Thanks a lot to give me advise to solve my problem. If I have other problems, maybe I will bother you again, so thanks again!

Hi Christian,
I fix my bug and retest it. Now I can see the index rate from Kibana with x-pack plugin is 3000-4000 documents per second.

The bulk rate is low to me yet. And I wanna improve it at least to 10000 documents per second.

Any advice to me?

Have you tried increasing the indexing thread count? Did you try using Rally to make sure you get similar results that way and it is not your benchmarking script that is the bottleneck?

Yes, I increased thread count from 20 to 50, but the index rate has not been improved, still 3000-4000 documents per second.

Here is a part of Rally report :
|------:|-------------------------------:|-----------------------:|------------:|-------:expressionless:
| All | Indexing time | | 43.8547 | min |
| All | Merge time | | 9.91193 | min |
| All | Refresh time | | 4.07887 | min |
| All | Flush time | | 2.47258 | min |
| All | Merge throttle time | | 2.05618 | min |
| All | Median CPU usage | | 450.5 | % |
| All | Total Young Gen GC | | 258.91 | s |
| All | Total Old Gen GC | | 14.007 | s |
| All | Index size | | 3.28999 | GB |
| All | Totally written | | 20.149 | GB |
| All | Heap used for segments | | 18.5363 | MB |
| All | Heap used for doc values | | 0.104549 | MB |
| All | Heap used for terms | | 17.32 | MB |
| All | Heap used for norms | | 0.0740967 | MB |
| All | Heap used for points | | 0.222055 | MB |
| All | Heap used for stored fields | | 0.815544 | MB |
| All | Segment count | | 97 | |
| All | Min Throughput | index-append | 26787.3 | docs/s |
| All | Median Throughput | index-append | 27315.4 | docs/s |
| All | Max Throughput | index-append | 28426 | docs/s |
| All | 50th percentile latency | index-append | 894.98 | ms |
| All | 90th percentile latency | index-append | 2498.99 | ms |
| All | 99th percentile latency | index-append | 5972.18 | ms |
| All | 99.9th percentile latency | index-append | 13505.2 | ms |
| All | 100th percentile latency | index-append | 15106.5 | ms |
| All | 50th percentile service time | index-append | 894.98 | ms |
| All | 90th percentile service time | index-append | 2498.99 | ms |
| All | 99th percentile service time | index-append | 5972.18 | ms |
| All | 99.9th percentile service time | index-append | 13505.2 | ms |
| All | 100th percentile service time | index-append | 15106.5 | ms |
| All | error rate | index-append | 0 | % |

The report seems to indicate a higher throughput. Is this benchmark not based on your data?

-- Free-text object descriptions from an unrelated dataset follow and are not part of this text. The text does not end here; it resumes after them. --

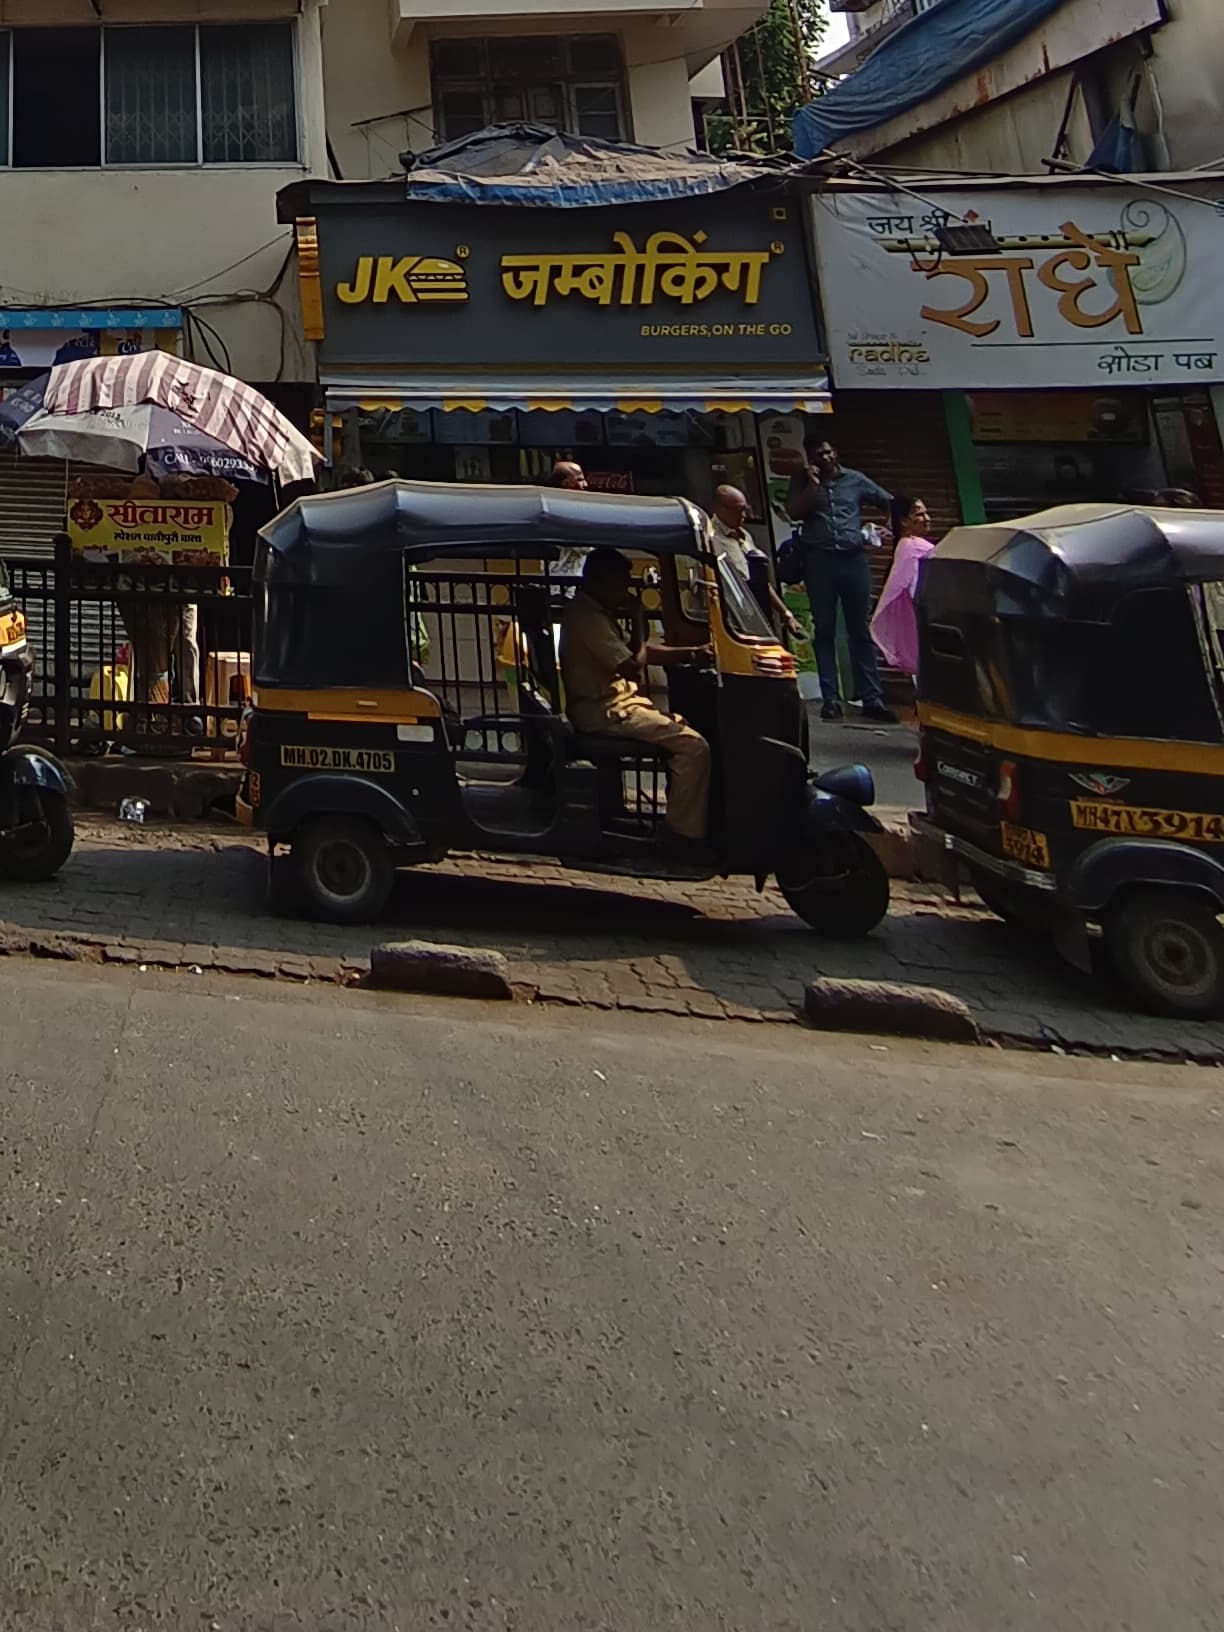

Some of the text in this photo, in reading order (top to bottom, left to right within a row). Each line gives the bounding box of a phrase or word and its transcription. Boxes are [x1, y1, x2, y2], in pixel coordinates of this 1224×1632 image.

[866, 215, 914, 235] जय
[337, 256, 422, 304] JK
[501, 229, 769, 305] जम्बोकिंग
[910, 221, 1144, 339] राधे
[739, 323, 766, 336] THE
[770, 323, 792, 336] GO
[848, 342, 931, 364] radhe
[1096, 345, 1218, 375] सोडा पब
[105, 500, 216, 531] सीताराम
[282, 747, 393, 770] MH.02.DK.4705

I don't know whether this benchmark based on my data, I just run command esrally --distribution-version=5.6.2

And I found my benchmark script occur an timeout error sometime, but I connect ElasticSearch using 127.0.0.1:9200 socket, why this error occur?

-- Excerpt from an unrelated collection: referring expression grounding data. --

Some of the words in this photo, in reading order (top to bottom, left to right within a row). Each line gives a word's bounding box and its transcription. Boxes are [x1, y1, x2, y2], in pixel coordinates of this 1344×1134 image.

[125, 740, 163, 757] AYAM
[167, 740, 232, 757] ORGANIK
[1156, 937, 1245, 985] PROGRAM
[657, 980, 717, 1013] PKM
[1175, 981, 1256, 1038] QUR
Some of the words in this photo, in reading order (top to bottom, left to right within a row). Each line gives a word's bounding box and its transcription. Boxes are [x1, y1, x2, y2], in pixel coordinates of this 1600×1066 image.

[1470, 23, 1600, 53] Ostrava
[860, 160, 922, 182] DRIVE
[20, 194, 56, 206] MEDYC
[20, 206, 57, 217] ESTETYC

If you have created a custom track, it is not based on your data.

If you run Rally that way it will run the geonames track. This indexes documents with the following structure:

{
  "geonameid": 2986043,
  "name": "Pic de Font Blanca",
  "asciiname": "Pic de Font Blanca",
  "alternatenames": "Pic de Font Blanca,Pic du Port",
  "feature_class": "T",
  "feature_code": "PK",
  "country_code": "AD",
  "admin1_code": "00",
  "population": 0,
  "dem": "2860",
  "timezone": "Europe/Andorra",
  "location": [1.53335, 42.64991]}

This is a lot smaller than your documents and not really comparable. Smaller documents are expected to be faster to index. The track also by default only uses 8 clients for indexing. You could however potentially modify your script to index records(s) of this type and update Rally to use the same number of threads your script uses. That would allow you to compare the two and see if they are comparable.

You could also create a custom track, but that would probably require more work.